* WHAT IS BEING ASKED
Search the records below for the line containing "this 1600×1200 image.". Write out that line and every line after it exactly as written.

(Free-text object descriptions)

Content starts

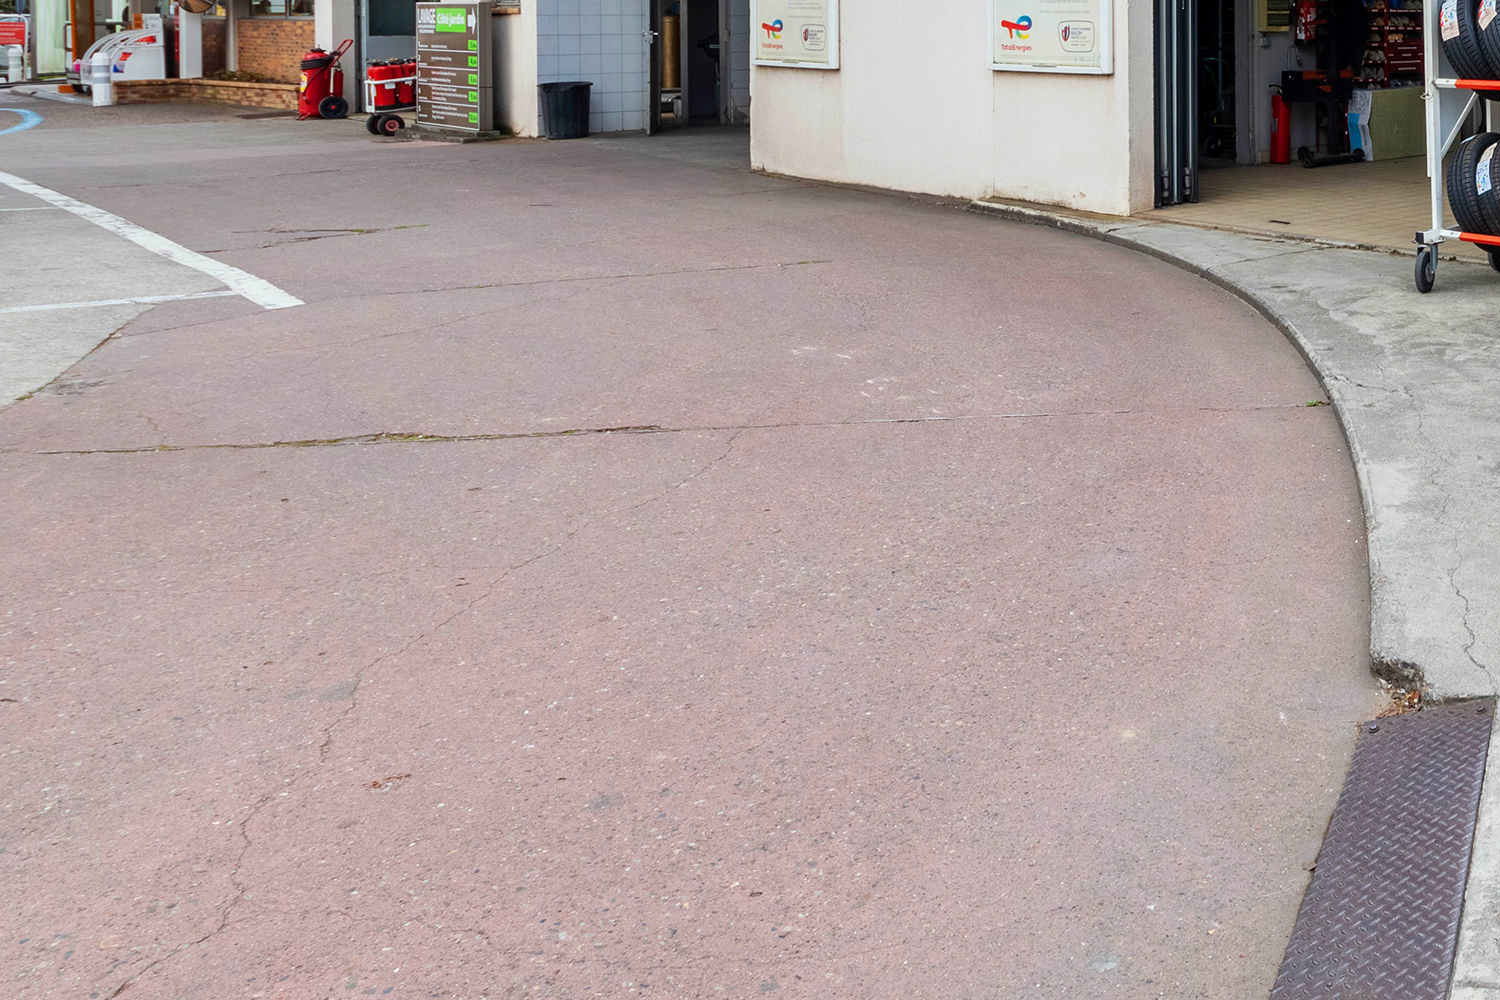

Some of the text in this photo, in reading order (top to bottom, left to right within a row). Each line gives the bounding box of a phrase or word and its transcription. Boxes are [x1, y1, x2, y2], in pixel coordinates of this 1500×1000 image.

[417, 8, 435, 24] LAVAGE
[448, 12, 465, 28] jardin
[761, 42, 784, 50] TotalEnergies
[1001, 43, 1032, 53] TotalEnergies
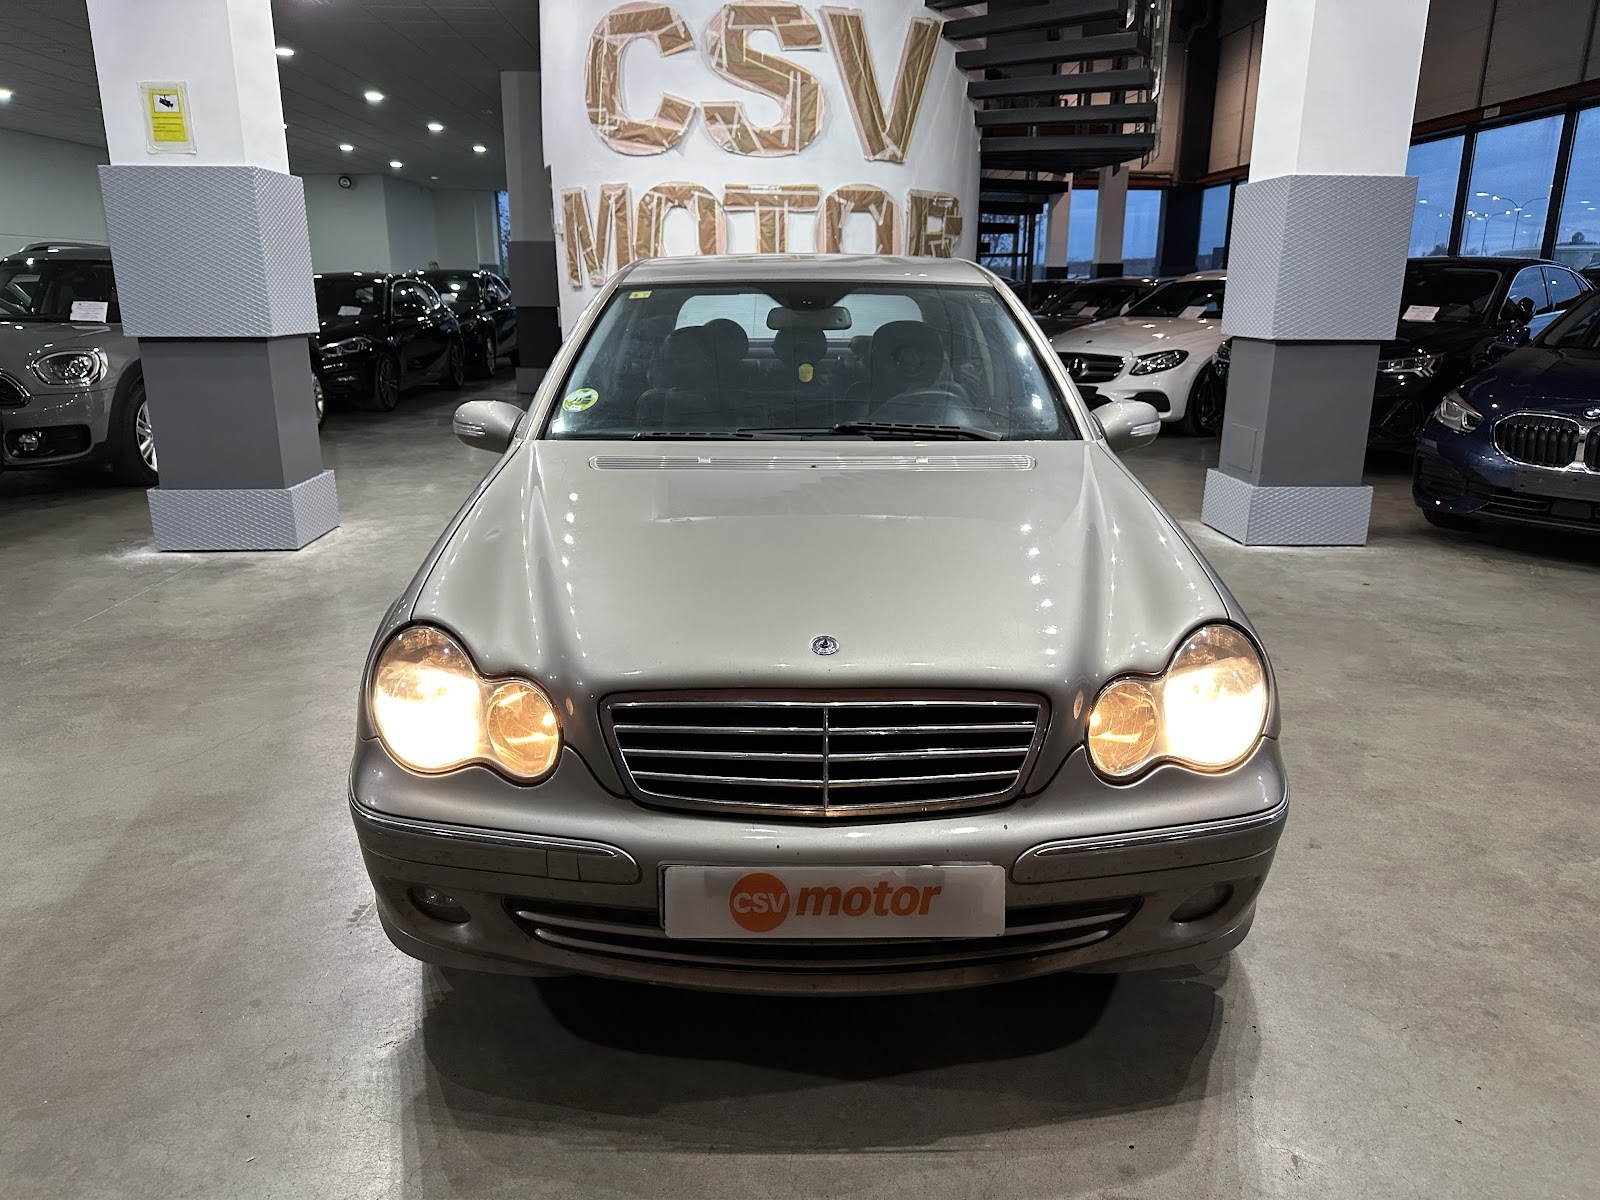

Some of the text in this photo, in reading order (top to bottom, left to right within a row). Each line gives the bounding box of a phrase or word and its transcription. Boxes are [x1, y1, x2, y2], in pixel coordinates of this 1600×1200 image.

[584, 1, 945, 163] CSV
[561, 181, 962, 287] MOTOR
[796, 881, 942, 917] motor

Content ends

* ANSWER BELOW
Some of the text in this photo, in reading order (top to bottom, left to right within a row). Each line gives the bounding box of a phrase or word and its transcription. Boxes are [x1, y1, x2, y2], in pixel coordinates of this 1600×1200 image.

[584, 1, 945, 163] CSV
[561, 181, 962, 287] MOTOR
[796, 881, 942, 917] motor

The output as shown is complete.